VTrans’ $600,000 COVID-19 sign blitz targets travel into Vermont

  • One of the state’s new COVID-19 alert signs greets visitors at the Interstate 91 welcome center in Guilford, Vt. (VtDigger - Kevin O’Connor)

  • Some of the state’s new COVID-19 road signs are aimed at Vermonters crossing into Massachusetts, New York and, pictured here, New Hampshire. (VtDigger - Kevin O’Connor)

Published: 12/3/2020 10:19:00 PM
Modified: 12/3/2020 10:18:49 PM

GUILFORD, Vt. — Vermont’s fight against COVID-19 has a new driving force: the Vermont Agency of Transportation, which has unveiled $600,000 worth of federally funded signs at border entrances and highway exits.

“We’re trying to get people’s attention,” chief engineer Wayne Symonds said of the push to promote the state website healthvermont.gov. “This is just part of the overall strategy.”

VTrans rolled out solar-powered electronic signs this spring and summer to flash pandemic alerts, only to find that the recent shorter, colder days were taking a toll on the batteries. And so it has installed 329 metal signs over the past two weeks, informing travelers to and from the state about isolation guidelines.

“This type of effort is unprecedented,” Symonds said, “but these are unusual times.”

Vermont has boasted the nation’s lowest rate of coronavirus cases for months, but its numbers rose enough this fall to prompt new, stricter standards, including a 14-day quarantine for anyone who travels into or returns from outside the state.

Gov. Phil Scott asked people to stay put this past Thanksgiving week, citing concern that infections could double from a recent one-day high of 148 cases.

Motorists appeared to take heed. At the Interstate 91 welcome center in Guilford — the state’s busiest rest area — Thanksgiving-week traffic fell by almost 80%, from 12,522 visitors last fall to 2,864 this year.

Those who did venture forth most often pointed to family.

“We gave it very serious thought,” said one Connecticut father on his way to visit grown children in Vermont. “We’re very careful and going nowhere but there.”

“We decided it was OK as long as we practiced good protocol,” added a second parent doing the same. “We’re not going to a disco or nightclub.”

Others cited the need to pick up students from college or to free younger children from the house. One Connecticut family off to a Bennington County rental pointed to their vehicle, which was packed with groceries.

“We brought everything with us,” said the man beside his wife, son and daughter.

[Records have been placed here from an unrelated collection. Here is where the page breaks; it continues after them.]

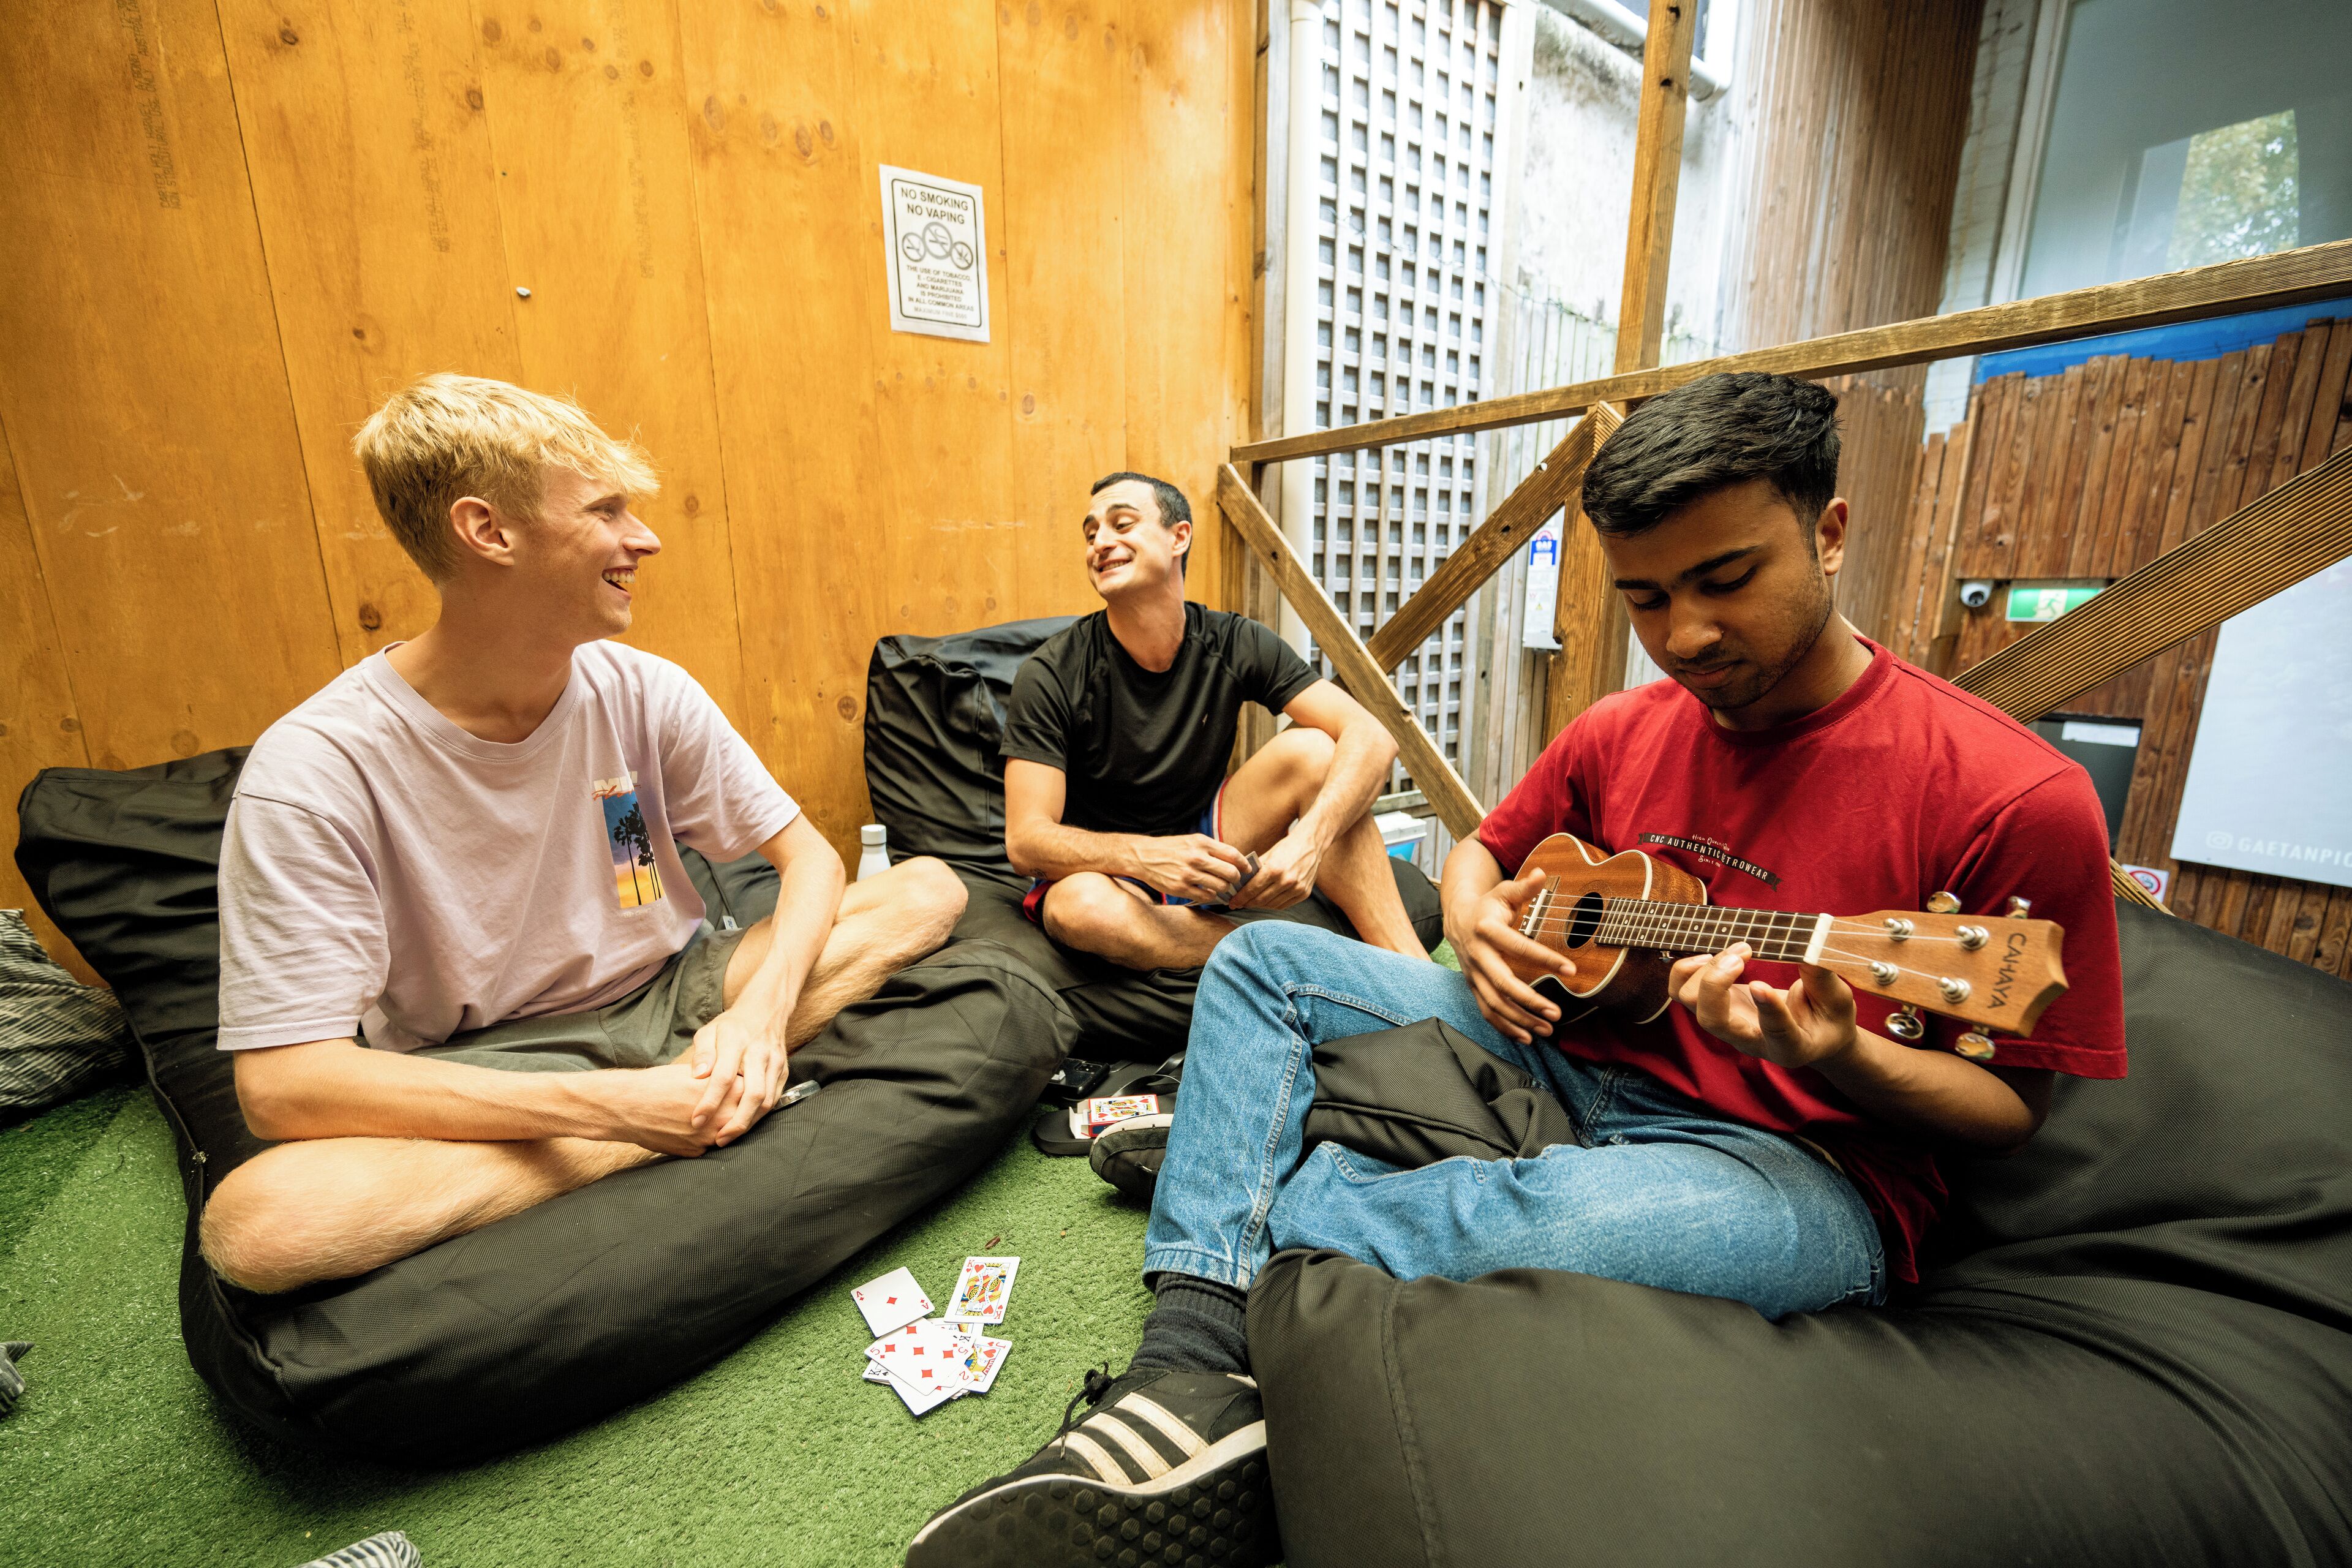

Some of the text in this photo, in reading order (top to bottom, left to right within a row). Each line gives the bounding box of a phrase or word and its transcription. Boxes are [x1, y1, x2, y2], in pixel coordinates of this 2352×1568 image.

[901, 187, 968, 211] NO SMOKING
[907, 203, 965, 224] NO VAPING
[927, 276, 962, 287] CIGARETTES
[931, 285, 963, 295] MARIJUANA
[927, 292, 962, 302] PROHIBITED
[929, 300, 954, 308] COMMON
[1650, 834, 1664, 843] CNC
[1667, 838, 1721, 859] AUTHENTIC
[1988, 933, 2027, 1009] CAHAYA
[993, 1311, 1002, 1319] K
[870, 1347, 880, 1355] 5
[958, 1346, 968, 1355] 5
[959, 1371, 969, 1381] 2

VTrans has placed its new signs on state highways at the borders of Massachusetts, New Hampshire, New York and Canada, as well as at rest areas, airports and interstate exits from Brattleboro to Burlington.

Scott, responding to questions at a recent press conference, said people shouldn’t read too much into the seemingly permanent nature of the signs.

“We got them up within a week or two, so we could very easily take them down in a week or two,” the governor said. “They’re just much more efficient and cost-effective than the solar-operated electronic ones.”

VTrans added that the aluminum signs can be easily recycled.

Said Symonds: “We’re hoping they’re temporary.”